Following through on a threat he made several weeks ago, DeSantis said that his administration was moving forward with a lawsuit against the CDC. “I think legally, we’re in the right here,” he declared during a press conference. Pointing out that Florida is the largest hub for cruising in the United States, the Governor added, “We’re an 800-pound gorilla when it comes to tourism,” indicating that he believed others would join Florida’s efforts moving forward.
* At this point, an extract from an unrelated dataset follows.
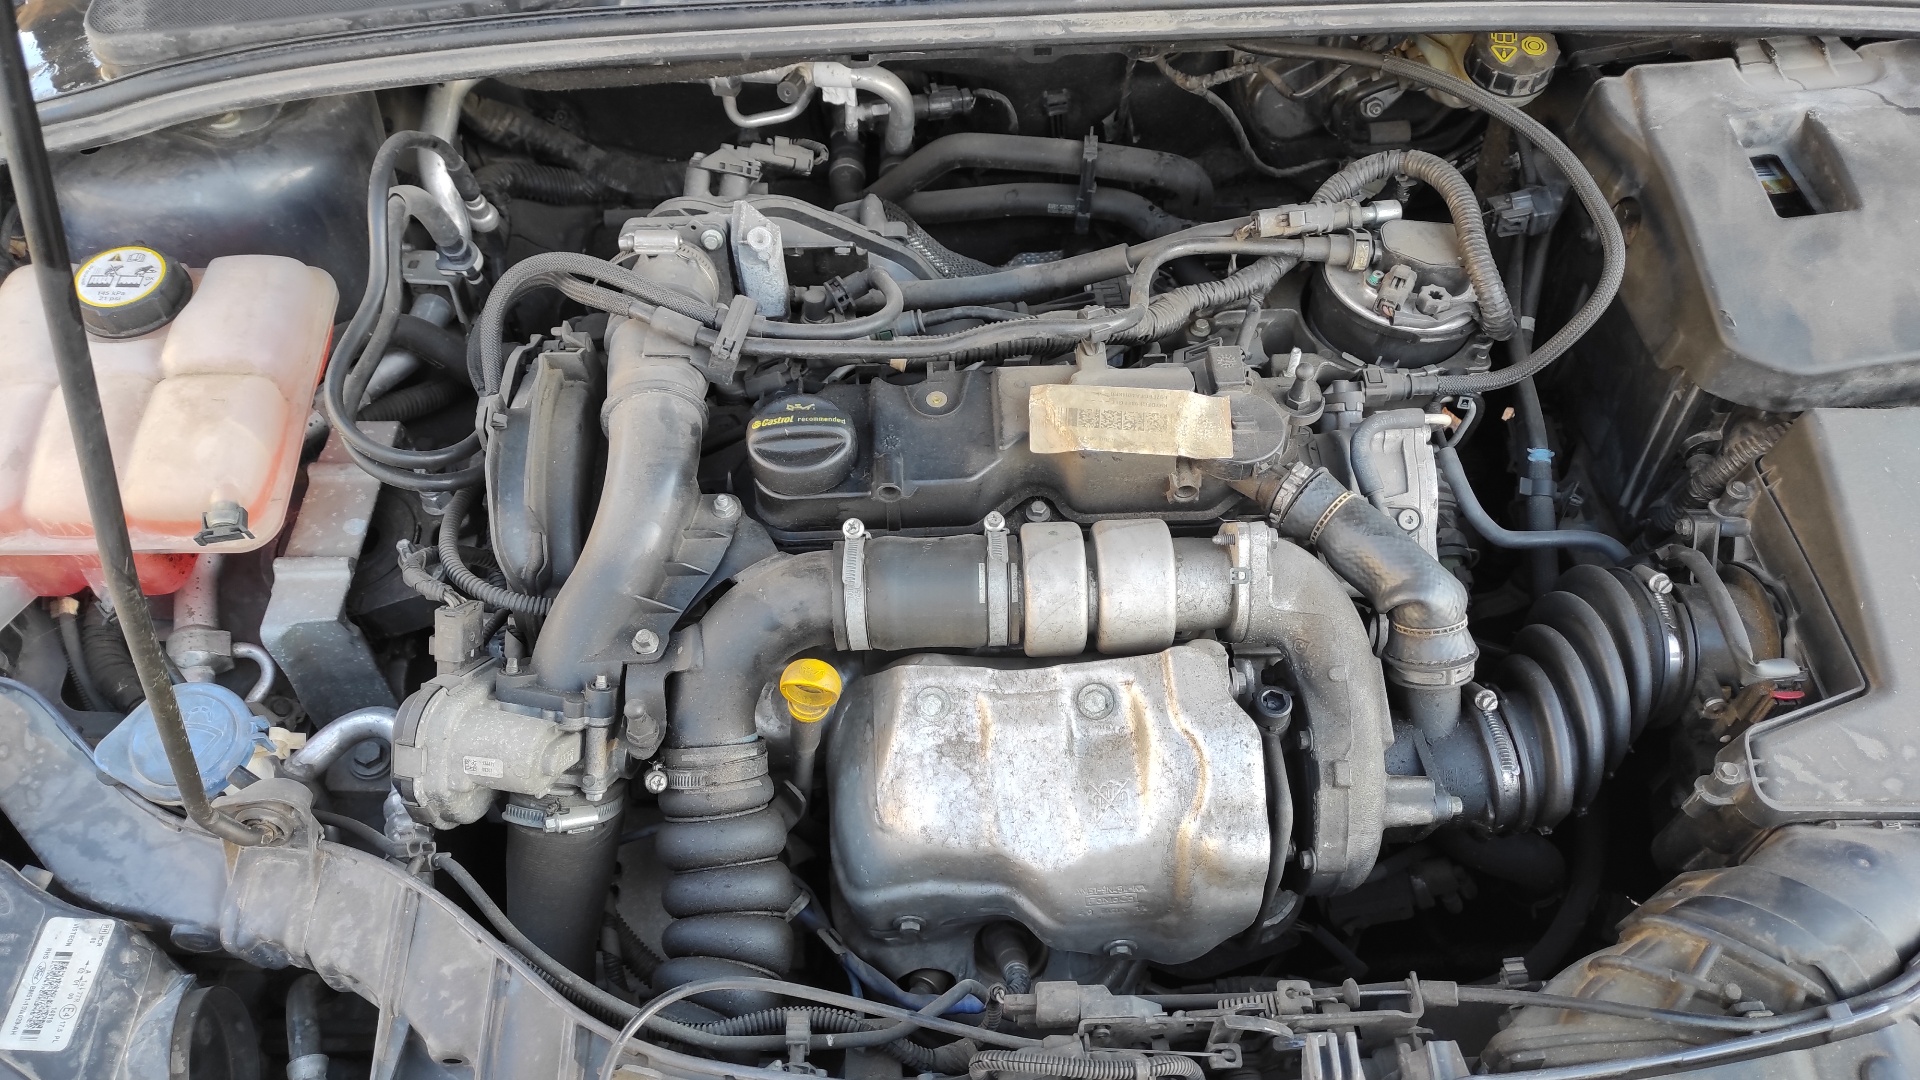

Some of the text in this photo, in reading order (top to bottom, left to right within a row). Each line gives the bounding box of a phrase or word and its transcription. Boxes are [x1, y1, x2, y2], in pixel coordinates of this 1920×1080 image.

[761, 415, 846, 427] Castrol recommended
[65, 923, 80, 947] VISTEON
Both he and Moody pointed out the huge economic hit that their state had taken as a result of the shutdown, adding that several cruise lines had already announced plans to literally take their business elsewhere by sailing out of foreign ports. “[People] are still going to cruise if they want to,” he said. “They’ll just cruise off other coasts.”
Moody stressed the economic hardships being felt by Florida residents thanks to the shutdown. “We have people floundering,” she said. “We are losing tax revenue. People’s lives are on the line. They are desperate to return to work, and we will not sit back… while the freedom of people’s lives and their businesses are at stake.”
DeSantis compared the cruise situation to that faced by one of Florida’s other big businesses, theme parks. In both cases, he said, they “have every incentive to want to make sure people have a safe and enjoyable trip… they don’t need a bureaucrat and the CDC to demand that they do certain things.”
The Governor also continued to insist that Florida would not allow the so-called “vaccine passports,” saying that they would in essence create “two different classes of citizens.”
For now, if U.S. residents want to take a cruise vacation this summer, they can fly to Nassau, Bermuda, St. Maarten, or Cyprus.